Q. The AA Independent Press Guide http://www.rimbaud.org.uk/ is an excellent resource for writers/poets and those looking for quality writing and contacts. How did this project come about and how do you find the time to keep updating the site?   

Well, it all started off with me collating the names and addresses of poetry magazines that I wanted to submit my work to.  The list gradually grew and grew.  Ten years ago, I launched a poetry magazine, Acid Angel.  It was a short-lived affair, as most poetry magazines are, but it was there that the “Acid Angel Small Press Listings” first saw the light of day, as an appendix to the magazine.  After Acid Angel bit the dust, I started printing-on-demand, what then became the AA Small Press Listings and then The AA Independent Press Guide, after one magazine editor complained to me “we are not small, we are independent!“  At first it was only British magazines that I listed, but then I found out that a high percentage of American magazines actually pay you for publishing your work, so I spent ages tracking down the names and addresses of American magazines.  And although it was hard work, it paid off, because every now and then I’d get a cheque for $50 or $100 in the post.  Beneficial as this was, it did create a problem.  It made The AA Independent Press Guide too large for my crappy old printer to handle.  So, briefly, I published it on CD Rom.  Then, I tried to negotiate its publication with a major
UK publisher, who I probably can’t name for legal reasons, and they shafted me.  They not only stole my concept, but much of the information too!  So, I thought, fuck them!  I decided to publish The AA Independent Press Guide on the internet; and I decided that I would make it free for everybody.  I was that pissed off by the way that I was treated by the publishers that I had a Damascus Road type conversion to Internetianity whose fundamental creed states that information should be freely available to everyone. 
 

I have actually become almost zealously religious about the Internet.  I can’t tell you how many hours I have put into updating, expanding and developing my website.  It started off as a mere port-folio for my art and writing and has now become (in my humble opinion) one of the best free writers’ resources websites out there.  The AA Independent Press Guide now has detailed information on more than 2,000 independent literary magazines and publishers worldwide.  There’s a links page with over 800 hotlinks to internet-zines.  There’s a links page with hotlinks to nearly 1,000 writers’ websites (and this page is currently undergoing a re-vamp to include photo-links of these writers).  There’s a section of interviews conducted with writers and artists.  There’s a page of links to other writers’ resources.  There’s even an article of Tips For Novice Writers, which outlines the Dos and Donts of magazine submission etiquette. 

I may well even have become slightly obsessive-compulsive about developing my website.  Certainly, I can’t remember the last time I wrote a poem… and my daughter just burst in there and told me “Dad, you’re so boring, you’re always working!”  So, maybe it’s getting close to the time where I should scale down this operation.  I guess, if it actually paid the bills I could justify the hours I put into it, but I don’t get paid a penny.  The last time I earned anything through it was back in February when someone kindly sent me a $5 donation toward the upkeep and maintenance of the site.   

Q. You recently completed a journey across Europe and spent quite a bit time in
Spain.
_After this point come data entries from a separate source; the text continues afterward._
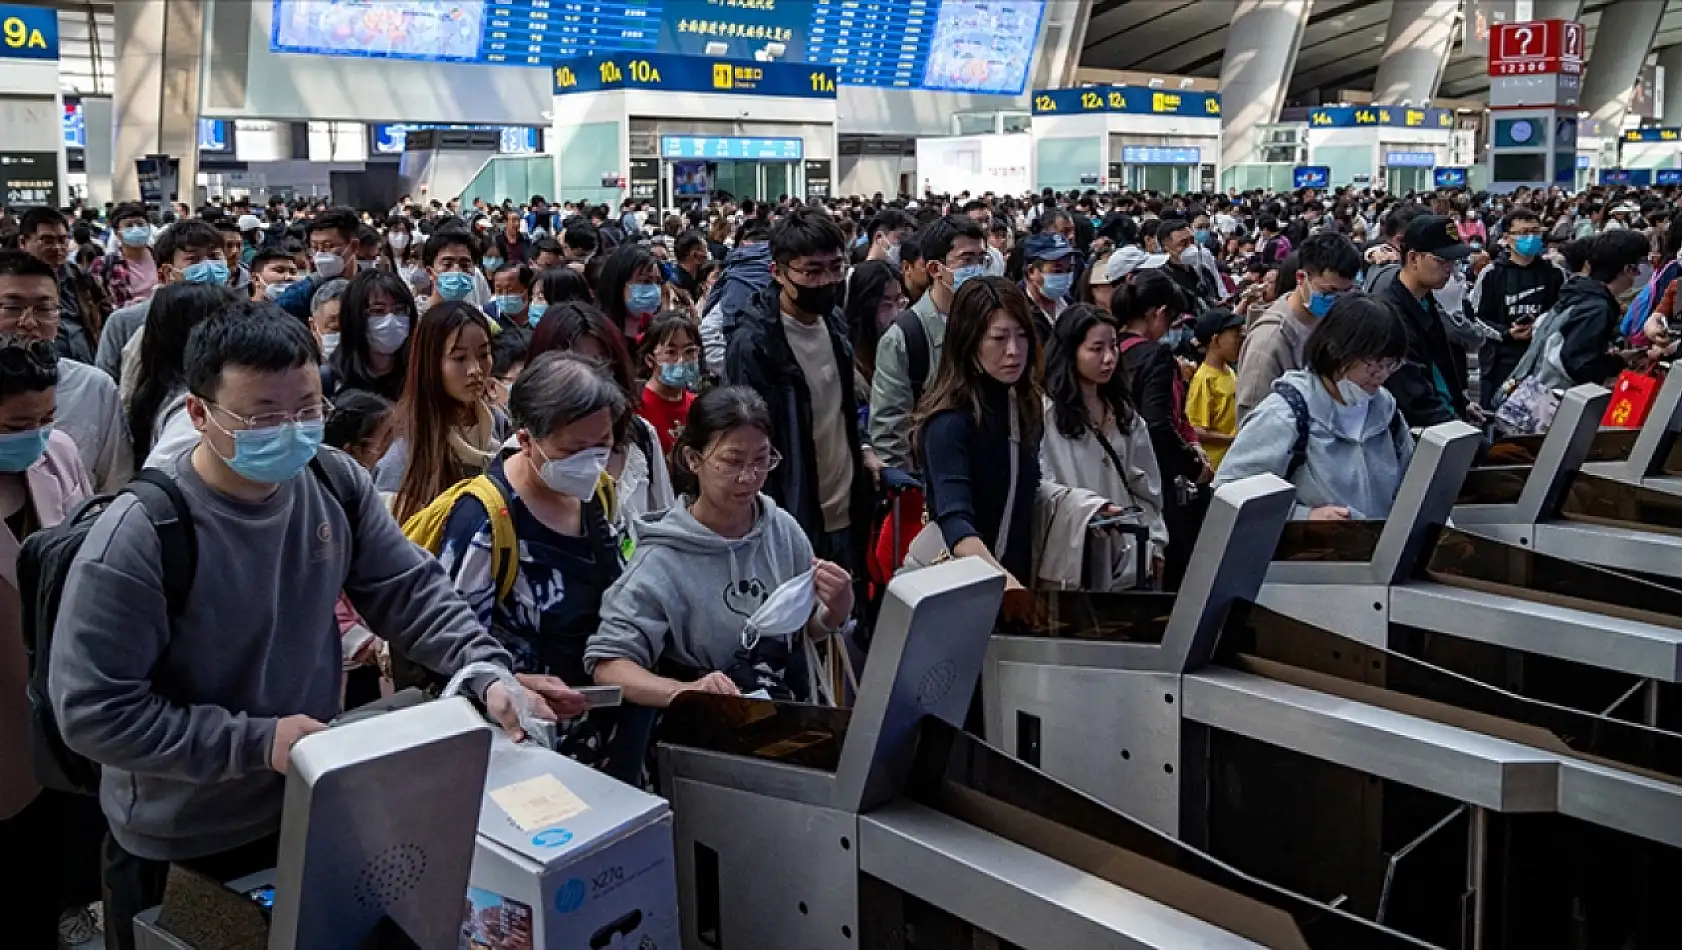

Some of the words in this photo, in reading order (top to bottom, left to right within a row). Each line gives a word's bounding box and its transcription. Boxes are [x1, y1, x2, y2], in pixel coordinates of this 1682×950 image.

[3, 16, 47, 49] 9A
[556, 65, 577, 88] 10A
[600, 60, 622, 84] 10A
[629, 60, 661, 83] 10A
[1501, 61, 1545, 73] 12306
[809, 72, 835, 92] 11A
[1036, 95, 1056, 111] 12A
[1081, 92, 1104, 109] 12A
[1108, 92, 1126, 108] 12A
I know it will be difficult but could you briefly describe this adventure?
 

Briefly?  Have you seen the way I answered the last few questions?  I wouldn’t know brevity if it bit me on the arse!  It’s just not my style.  However, I can see that this interview is growing like a fungus, so I will try to keep it short. My partner and I sold our flat back in August 2006 and bought a van and headed off in the direction of Spain, with our daughter, Rosie in tow.  We had a fair few unanticipated mishaps along the way, but gradually settled into a new life on the road.  We spent the bulk of our time travelling round the South of Spain and Portugal, settling for a while in Isla Cristina and briefly in Lanjaron. 
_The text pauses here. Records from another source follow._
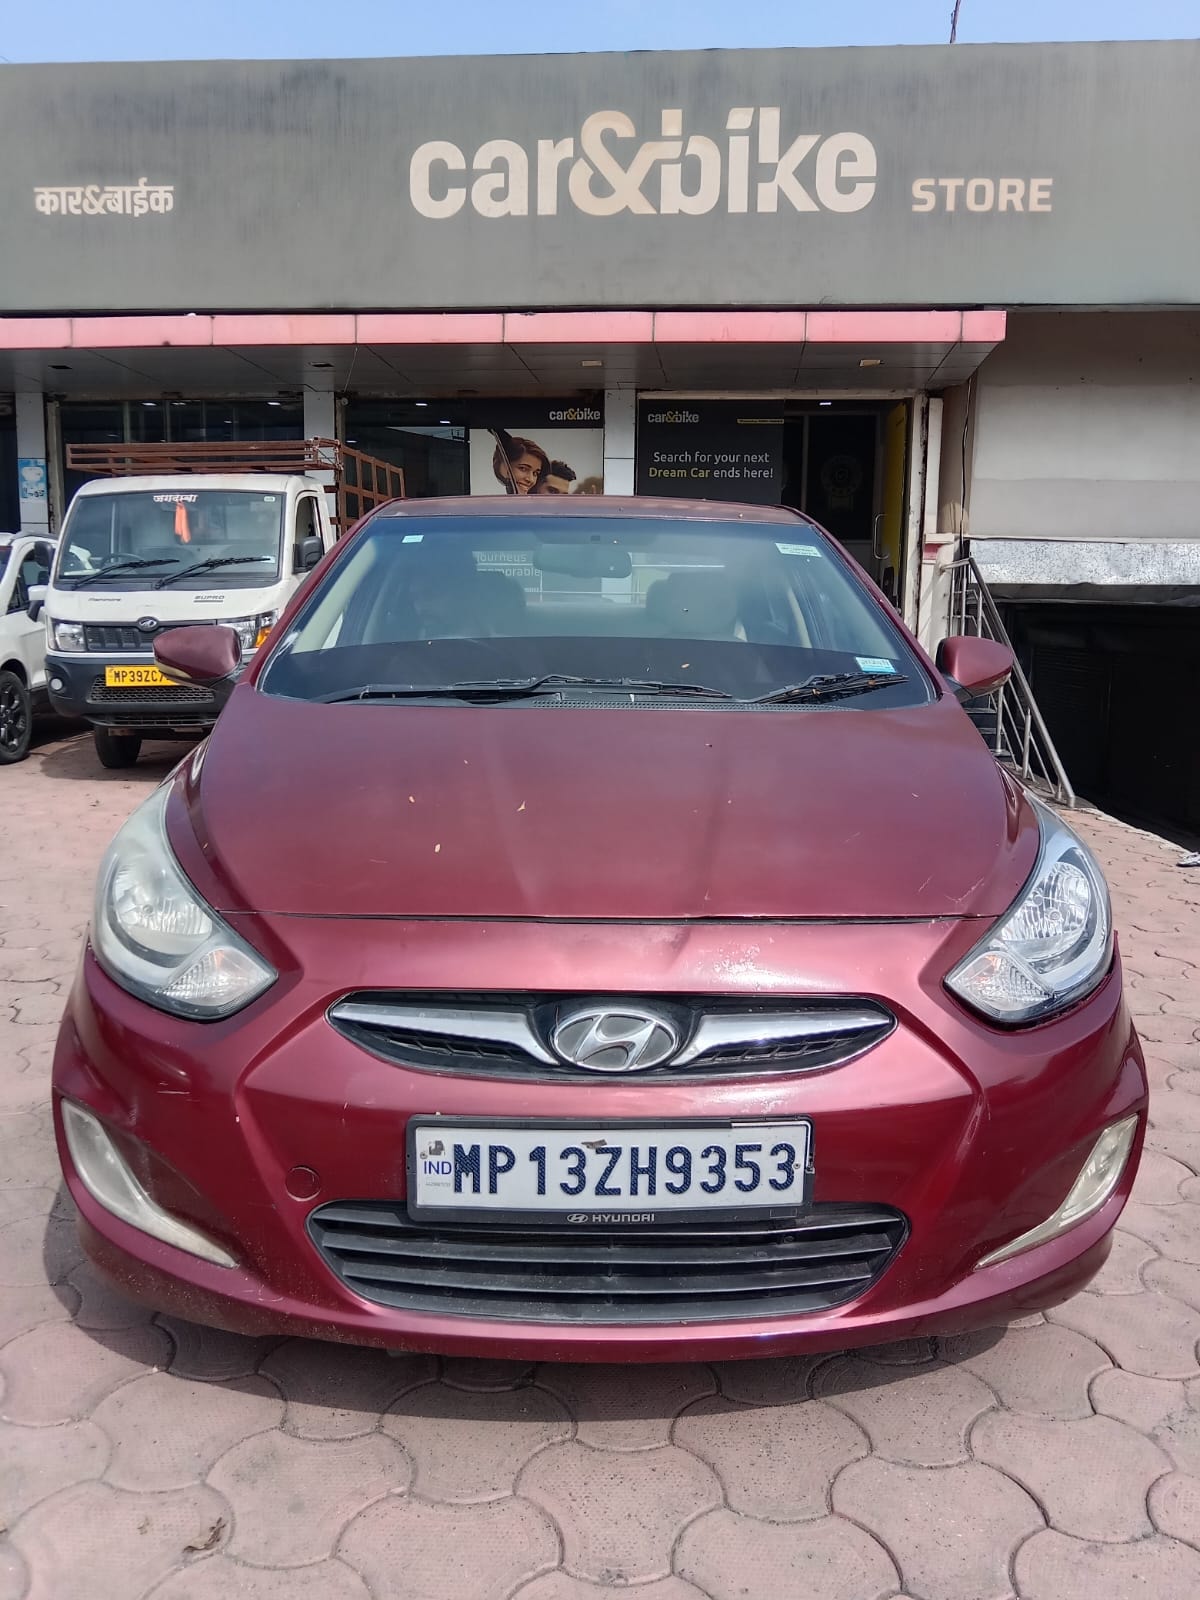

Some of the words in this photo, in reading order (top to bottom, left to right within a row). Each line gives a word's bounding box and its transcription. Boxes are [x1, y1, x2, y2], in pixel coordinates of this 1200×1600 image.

[409, 107, 877, 218] car&bike
[33, 177, 175, 217] कार&बाईक
[911, 177, 1053, 213] STORE
[549, 408, 600, 421] car&bike
[647, 410, 700, 424] car&bike
[653, 451, 692, 463] Search
[694, 451, 712, 463] for
[713, 453, 741, 465] your
[743, 452, 770, 463] next
[648, 467, 687, 478] Dream
[690, 467, 711, 478] Car
[713, 467, 741, 478] ends
[743, 467, 774, 478] here!
[423, 1160, 452, 1175] IND
[592, 1213, 655, 1223] HYUNDAI
It wasn’t the easiest of trips for our daughter, who was pretty freaked out by people speaking a different language all the time, but we eventually found a place that we thought would be near perfect for us, the village of Orgiva, near Lanjaron, where there was a sizeable community of hippie/ new age traveller Brits.  They even had a bi-lingual Steiner-type school. 

At the end of May, we returned to Scotland, for what was supposed to be a two month visit, but it very quickly became clear to us that Rosie feels much more settled and happy here in Glasgow.  So, we have decided not to return to Spain.  That’s the adventure, described as briefly as possible.  However, it is written about in considerably more detail in my travel-blog at http://aaron-aardvark.blogspot.com/  

Q. Can you tell our readers about your book ‘’Dropping Ecstasy With The Angels’’? 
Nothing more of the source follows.